**DESCRIPTION OF THE TASK:**
From first line to last, output the records below exactly.

**THE RECORDS:**
Segment Open

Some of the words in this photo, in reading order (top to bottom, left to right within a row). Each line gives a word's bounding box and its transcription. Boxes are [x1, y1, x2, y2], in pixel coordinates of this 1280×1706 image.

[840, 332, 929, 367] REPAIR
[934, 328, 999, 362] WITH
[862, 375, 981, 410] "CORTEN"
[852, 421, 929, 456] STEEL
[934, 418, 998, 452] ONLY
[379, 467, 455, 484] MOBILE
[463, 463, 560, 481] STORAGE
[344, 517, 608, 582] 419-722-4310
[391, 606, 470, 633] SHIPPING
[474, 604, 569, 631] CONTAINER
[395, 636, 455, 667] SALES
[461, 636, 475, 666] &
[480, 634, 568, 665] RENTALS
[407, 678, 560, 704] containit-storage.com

Segment Closed

**OUTPUT BELOW:**
Some of the words in this photo, in reading order (top to bottom, left to right within a row). Each line gives a word's bounding box and its transcription. Boxes are [x1, y1, x2, y2], in pixel coordinates of this 1280×1706 image.

[840, 332, 929, 367] REPAIR
[934, 328, 999, 362] WITH
[862, 375, 981, 410] "CORTEN"
[852, 421, 929, 456] STEEL
[934, 418, 998, 452] ONLY
[379, 467, 455, 484] MOBILE
[463, 463, 560, 481] STORAGE
[344, 517, 608, 582] 419-722-4310
[391, 606, 470, 633] SHIPPING
[474, 604, 569, 631] CONTAINER
[395, 636, 455, 667] SALES
[461, 636, 475, 666] &
[480, 634, 568, 665] RENTALS
[407, 678, 560, 704] containit-storage.com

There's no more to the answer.